*** WORKING DATA ***

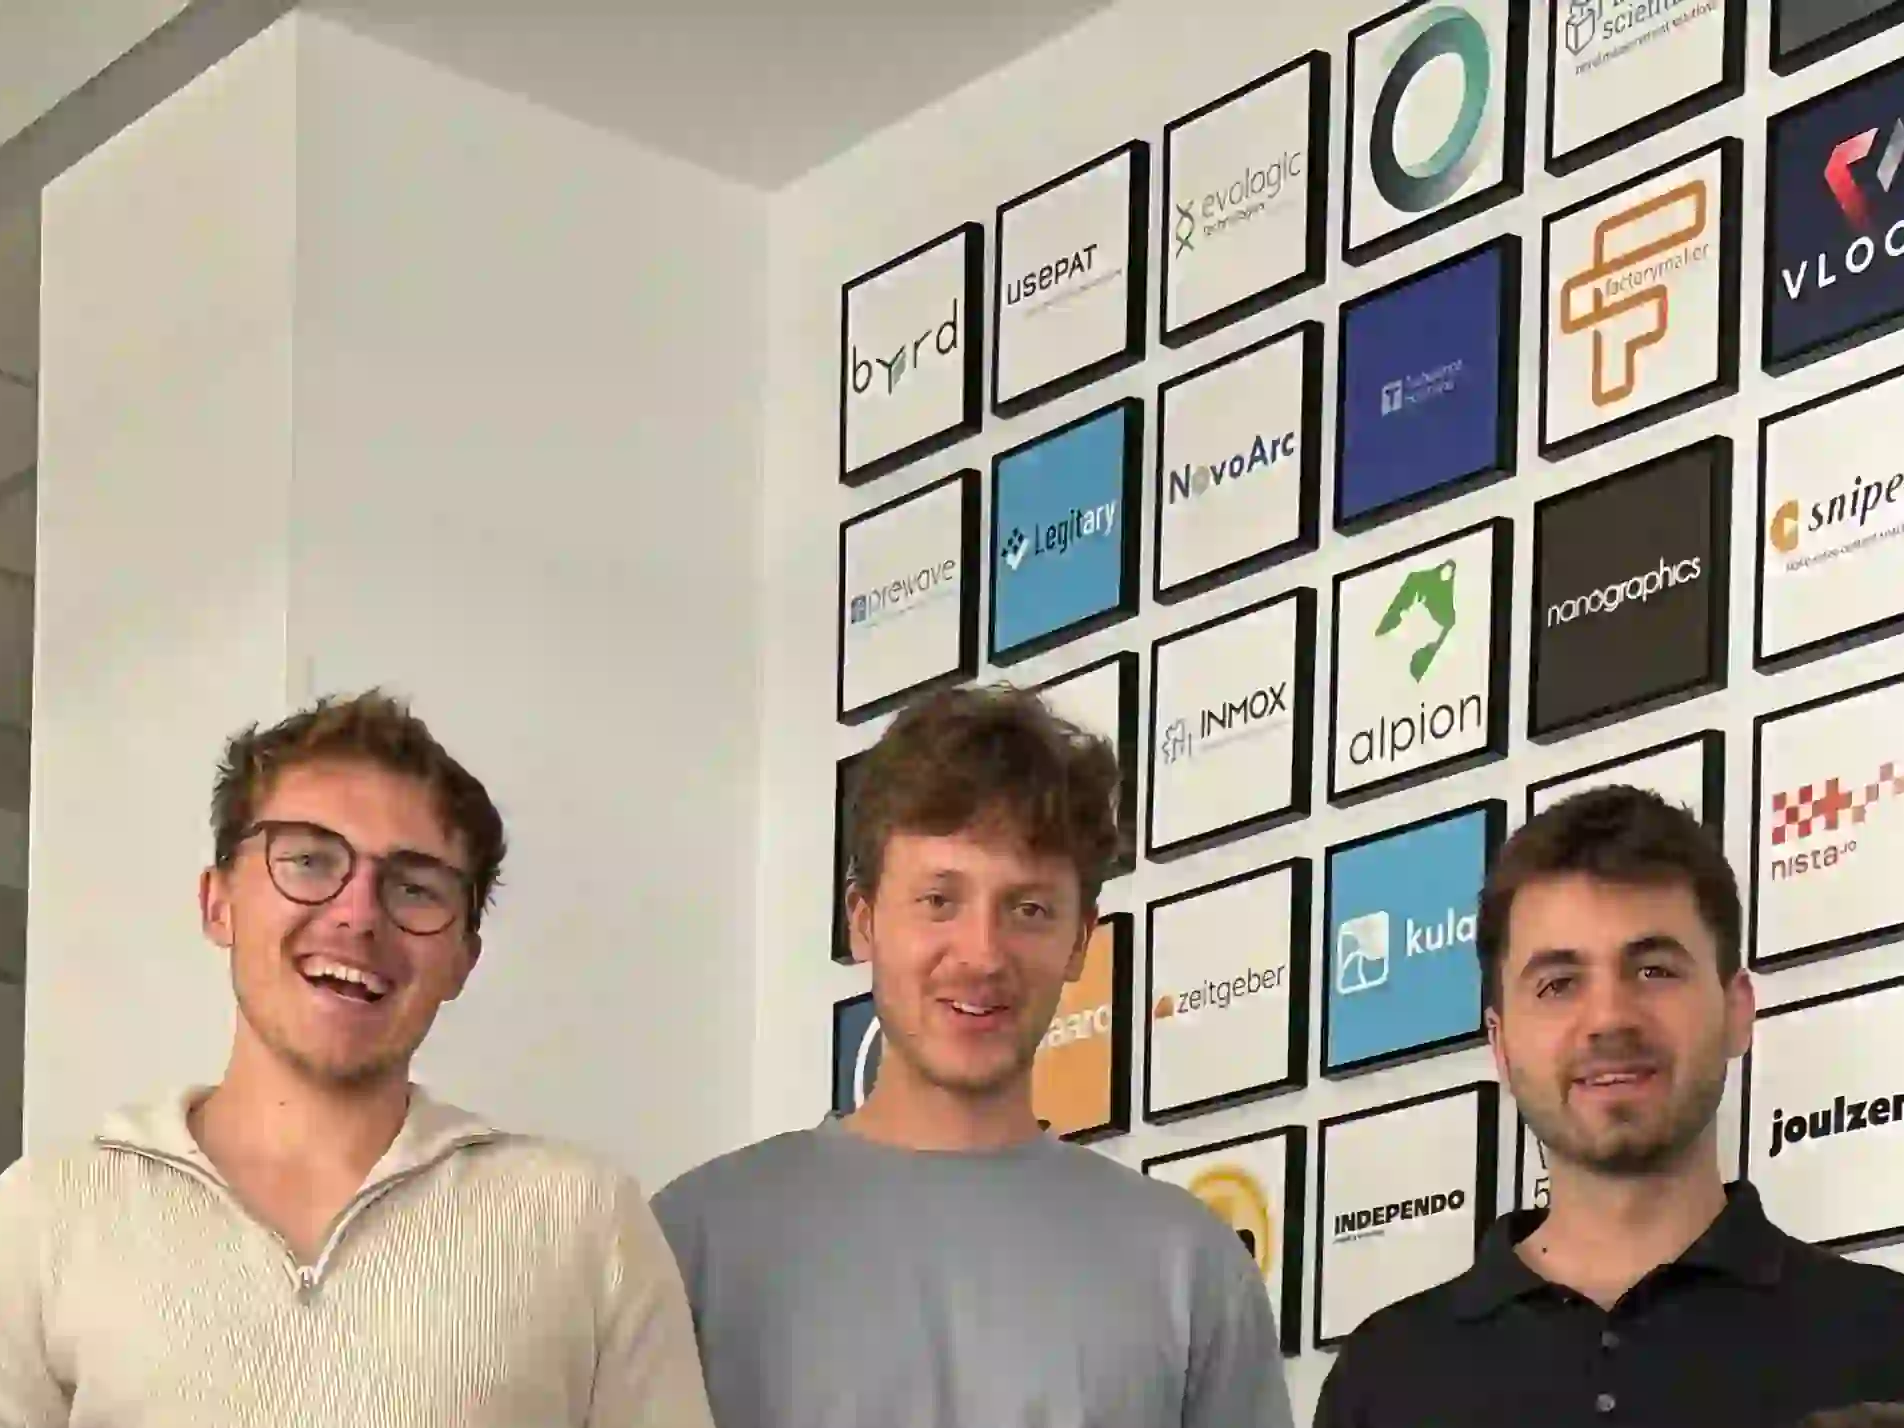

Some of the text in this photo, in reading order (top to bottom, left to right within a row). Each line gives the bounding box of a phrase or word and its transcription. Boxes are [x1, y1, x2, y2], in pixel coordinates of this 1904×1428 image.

[852, 297, 958, 396] byrd
[1034, 500, 1116, 555] Legitary
[868, 558, 956, 617] prewave
[1547, 555, 1701, 627] nanographics
[1201, 681, 1286, 739] INMOX
[1349, 694, 1481, 764] alpion
[1177, 965, 1286, 1013] zeitgeber
[1334, 1189, 1465, 1236] INDEPENDO
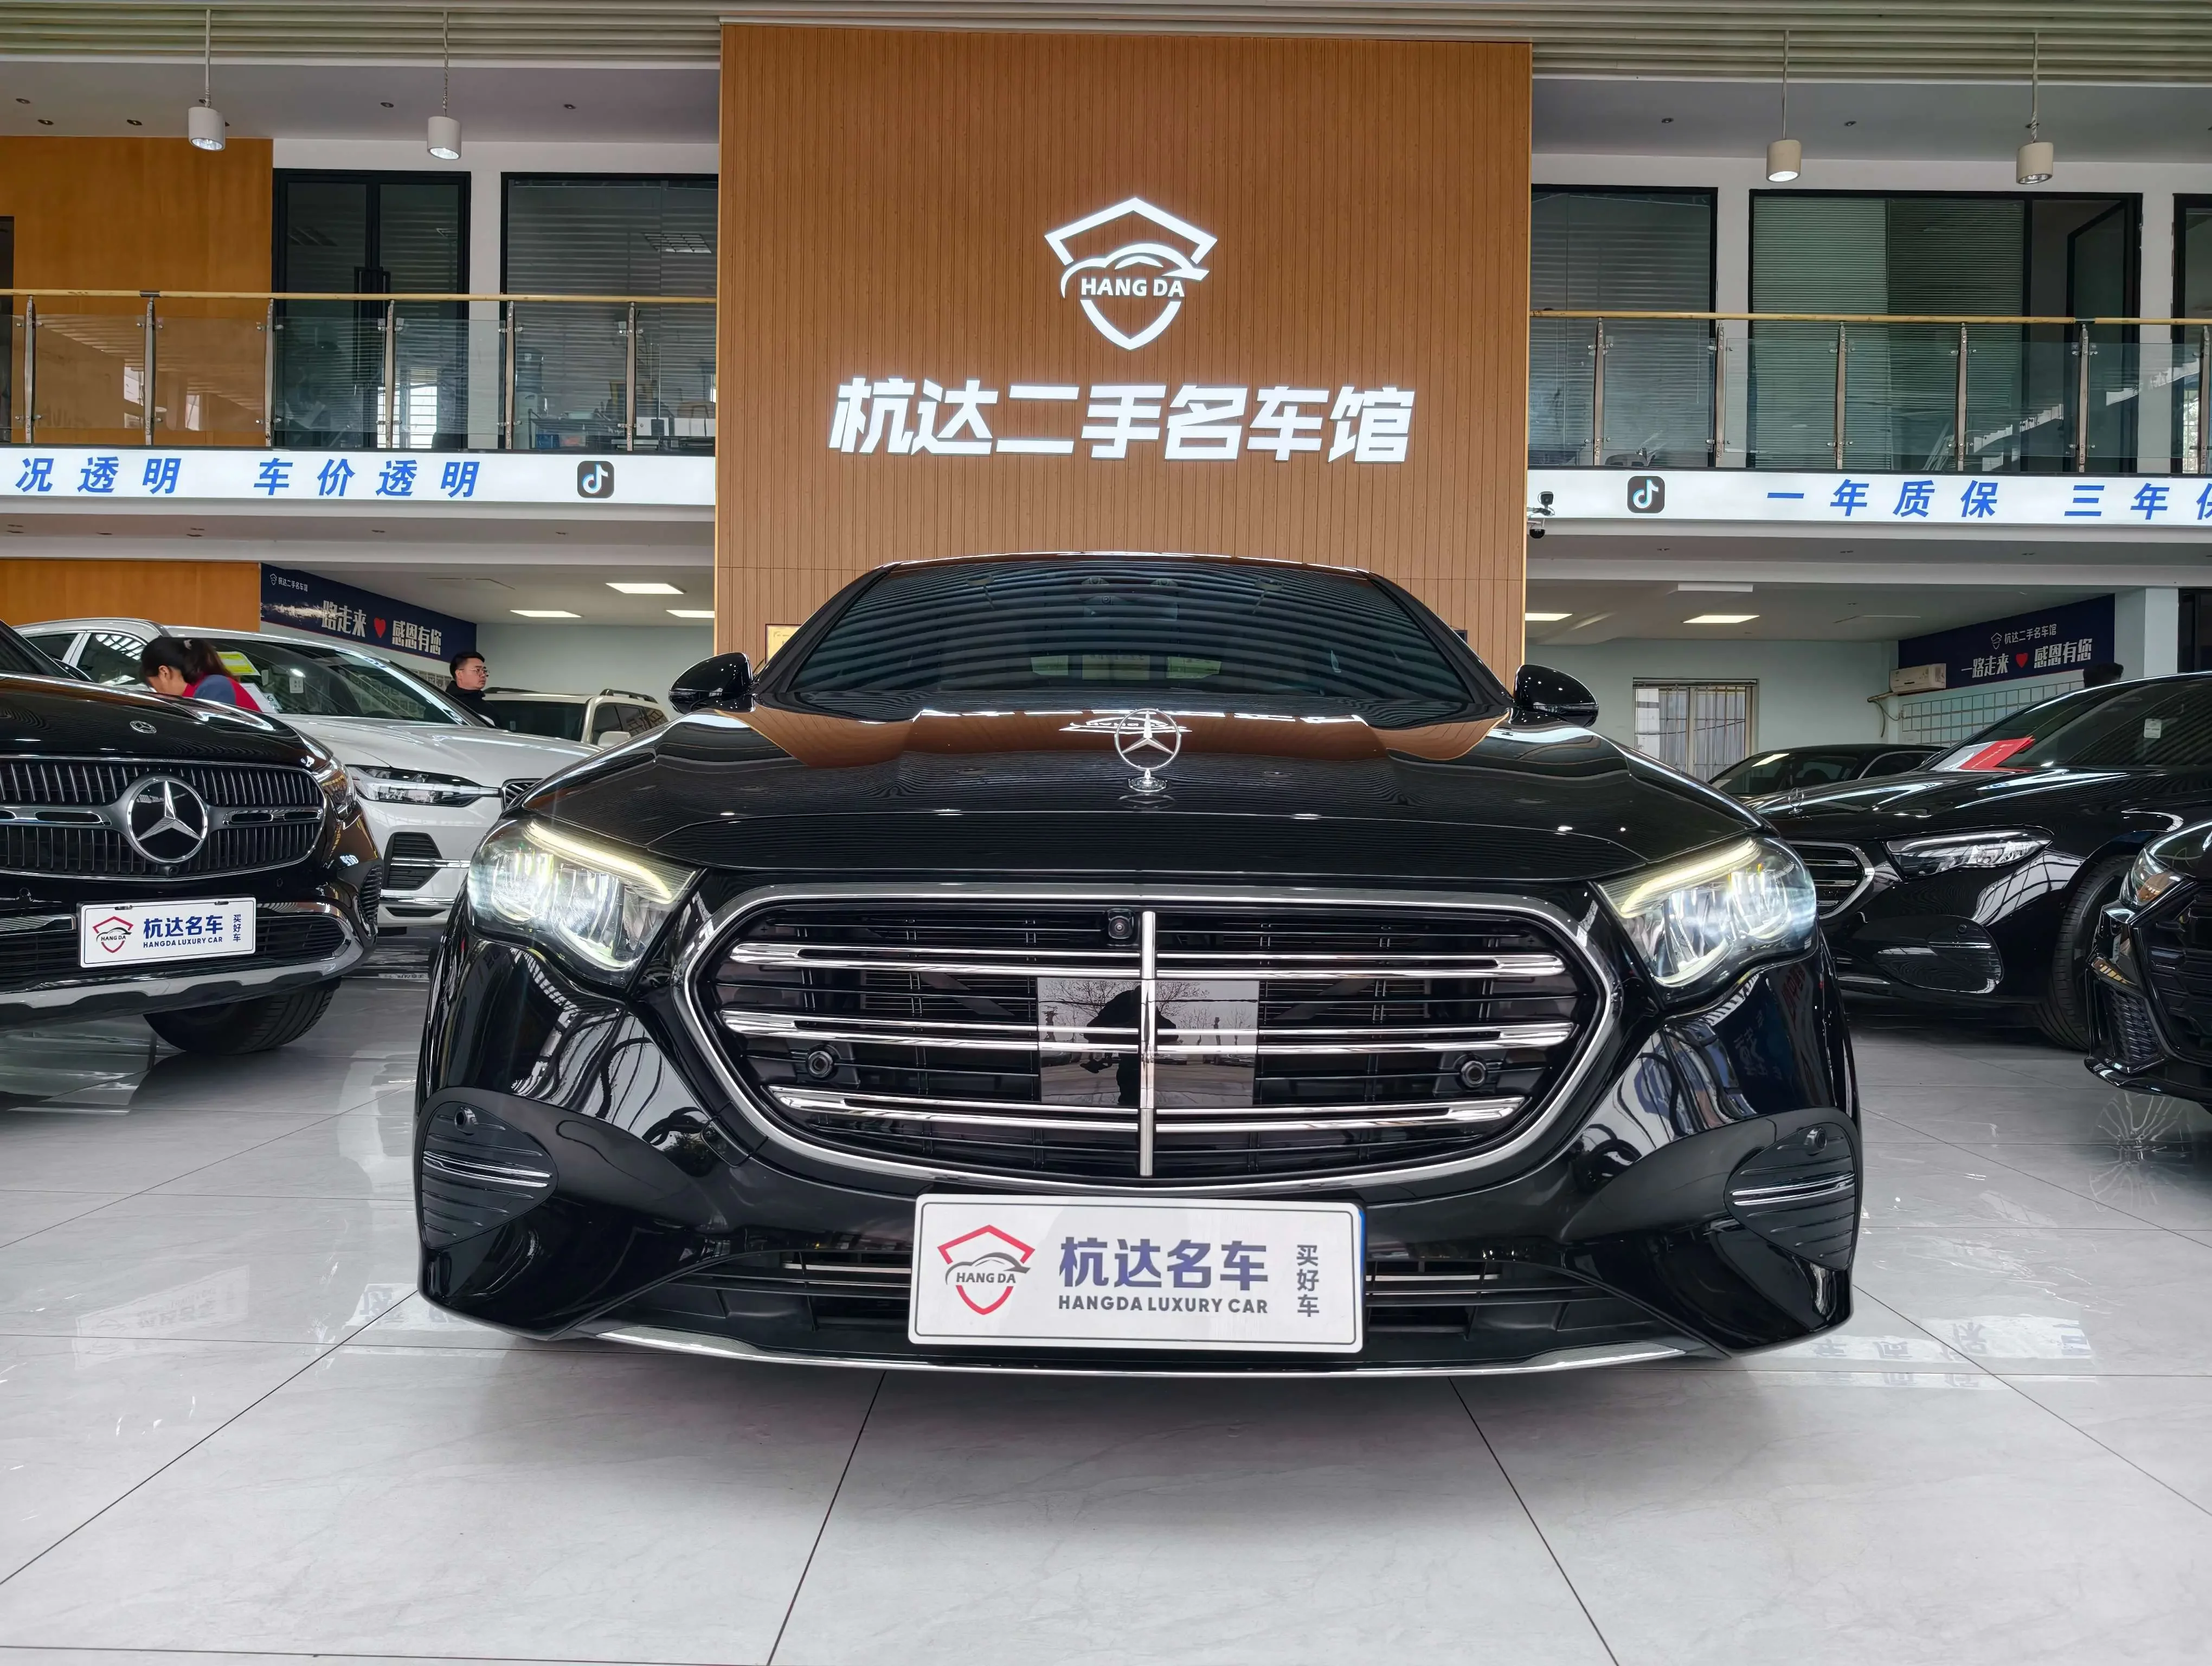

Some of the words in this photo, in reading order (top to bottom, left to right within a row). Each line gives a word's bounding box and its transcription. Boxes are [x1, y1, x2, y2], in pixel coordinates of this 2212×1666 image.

*** End of WORKING DATA ***

PROMPT
Drop the images and return the data verbatim.

EXERCISE RESPONSE
Some of the text in this photo, in reading order (top to bottom, left to right within a row). Each line gives the bounding box of a phrase or word and its transcription. Boxes are [x1, y1, x2, y2], in pixel coordinates of this 1904×1428 image.

[852, 297, 958, 396] byrd
[1034, 500, 1116, 555] Legitary
[868, 558, 956, 617] prewave
[1547, 555, 1701, 627] nanographics
[1201, 681, 1286, 739] INMOX
[1349, 694, 1481, 764] alpion
[1177, 965, 1286, 1013] zeitgeber
[1334, 1189, 1465, 1236] INDEPENDO

Some of the words in this photo, in reading order (top to bottom, left to right within a row). Each line gives a word's bounding box and its transcription. Boxes are [x1, y1, x2, y2], in pixel coordinates of this 2212×1666 image.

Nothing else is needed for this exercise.